Pharmakon Research (1986)b	Female rabbits (New Zealand); exposure from GD 6–18, sacrifice on GD 29	Oral gavage	0, 40, 200, $400\mathrm{mg}/\text{kg-d}$	Maternal body weight gain, premature delivery, number pregnant at sacrifice	No effects observed	Low (maternal body weight). Rabbit maternal body weight gain is known to have high variability, and therefore this is not an ideal species to use for evaluating this end point. High (premature delivery, pregnant at sacrifice). This study was well-designed to evaluate these outcomes. Evidence was presented clearly and transparently.	Suitable.
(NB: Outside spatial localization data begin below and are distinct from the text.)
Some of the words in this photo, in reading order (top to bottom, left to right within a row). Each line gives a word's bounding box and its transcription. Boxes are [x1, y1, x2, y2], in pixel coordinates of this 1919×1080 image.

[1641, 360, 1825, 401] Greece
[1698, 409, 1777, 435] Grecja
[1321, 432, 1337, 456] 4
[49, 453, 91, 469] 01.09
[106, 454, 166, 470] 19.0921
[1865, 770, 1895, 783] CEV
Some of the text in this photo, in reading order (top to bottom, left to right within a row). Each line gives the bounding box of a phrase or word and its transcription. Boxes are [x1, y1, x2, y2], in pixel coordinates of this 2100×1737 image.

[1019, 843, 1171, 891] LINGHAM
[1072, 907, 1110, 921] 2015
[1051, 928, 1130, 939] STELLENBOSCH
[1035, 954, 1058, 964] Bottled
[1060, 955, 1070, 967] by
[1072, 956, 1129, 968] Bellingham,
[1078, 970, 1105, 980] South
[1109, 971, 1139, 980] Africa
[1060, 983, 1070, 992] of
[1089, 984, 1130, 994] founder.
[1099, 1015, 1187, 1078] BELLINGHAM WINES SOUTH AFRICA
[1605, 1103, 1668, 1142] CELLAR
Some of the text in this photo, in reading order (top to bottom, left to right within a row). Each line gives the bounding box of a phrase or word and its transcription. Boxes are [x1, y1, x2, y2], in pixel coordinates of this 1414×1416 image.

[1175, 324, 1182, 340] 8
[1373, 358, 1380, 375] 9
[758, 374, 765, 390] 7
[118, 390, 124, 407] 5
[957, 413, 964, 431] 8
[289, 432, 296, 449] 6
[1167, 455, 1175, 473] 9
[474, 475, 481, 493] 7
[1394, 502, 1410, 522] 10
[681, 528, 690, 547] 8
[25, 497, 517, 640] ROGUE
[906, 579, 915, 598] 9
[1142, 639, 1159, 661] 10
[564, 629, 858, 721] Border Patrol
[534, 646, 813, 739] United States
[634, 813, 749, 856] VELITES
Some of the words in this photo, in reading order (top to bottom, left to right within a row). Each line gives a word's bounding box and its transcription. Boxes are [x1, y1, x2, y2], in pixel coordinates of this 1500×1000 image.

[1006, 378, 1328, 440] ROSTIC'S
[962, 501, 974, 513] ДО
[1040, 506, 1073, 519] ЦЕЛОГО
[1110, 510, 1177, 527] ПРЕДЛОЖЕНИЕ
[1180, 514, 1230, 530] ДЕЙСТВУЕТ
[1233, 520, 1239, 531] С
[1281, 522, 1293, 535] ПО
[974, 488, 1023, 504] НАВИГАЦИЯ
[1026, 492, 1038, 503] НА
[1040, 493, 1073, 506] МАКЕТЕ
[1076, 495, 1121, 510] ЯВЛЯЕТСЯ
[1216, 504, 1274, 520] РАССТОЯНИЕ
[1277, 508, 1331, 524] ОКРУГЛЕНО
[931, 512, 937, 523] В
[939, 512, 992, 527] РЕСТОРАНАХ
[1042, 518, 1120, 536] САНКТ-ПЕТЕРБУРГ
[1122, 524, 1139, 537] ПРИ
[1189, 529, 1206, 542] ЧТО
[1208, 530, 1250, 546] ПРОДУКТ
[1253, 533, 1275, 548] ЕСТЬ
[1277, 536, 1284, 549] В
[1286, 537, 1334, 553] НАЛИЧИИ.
Multidose study with quantitative data.
Animal studies (dermal)
Bushy Run (1986)	Male and female rats (Sprague-Dawley CD); 90-d exposure	Dermal	0, 100, 300, $\mathrm{1,000}\mathrm{mg}/\text{kg-d}$	Gonad weights; histopathology of testes, epididymis, seminal vesicles, prostate, vagina, ovaries, uterus, and mammary glands.	Statistically significant decrease in absolute and relative testes weight (no effects on testis weight observed in subgroup allowed to recover for 4 wk after exposure)	High. This study was well designed to evaluate these outcomes. Evidence was presented clearly and transparently.	Suitable. Multidose study with quantitative data.

Note: AMH, anti-Müllerian hormone; GD, gestational day; HAWC, U.S. EPA Health Assessment Workspace Collaborative; PAH, polycyclic aromatic hydrocarbons: .

^aMeeker et al. (2007) presents a reanalysis of data from Meeker et al. 2004a, 2004b, and 2006; not shown in this table.

^bCorpora lutea counts from gestational exposure studies would not have been affected by naphthalene exposure because all exposures began after animals were already pregnant. Corpora lutea counts from these studies may be useful as a metric of baseline fertility and are extracted in HAWC but are not discussed in this table.

^cPharmakon Research (1985) was a dose-range finding study with a 50% maternal mortality rate at $630\mathrm{mg}/\mathrm{kg}-\mathrm{d}$ and 100% mortality at $\mathrm{1,000}\mathrm{mg}/\mathrm{kg}-\mathrm{d}$.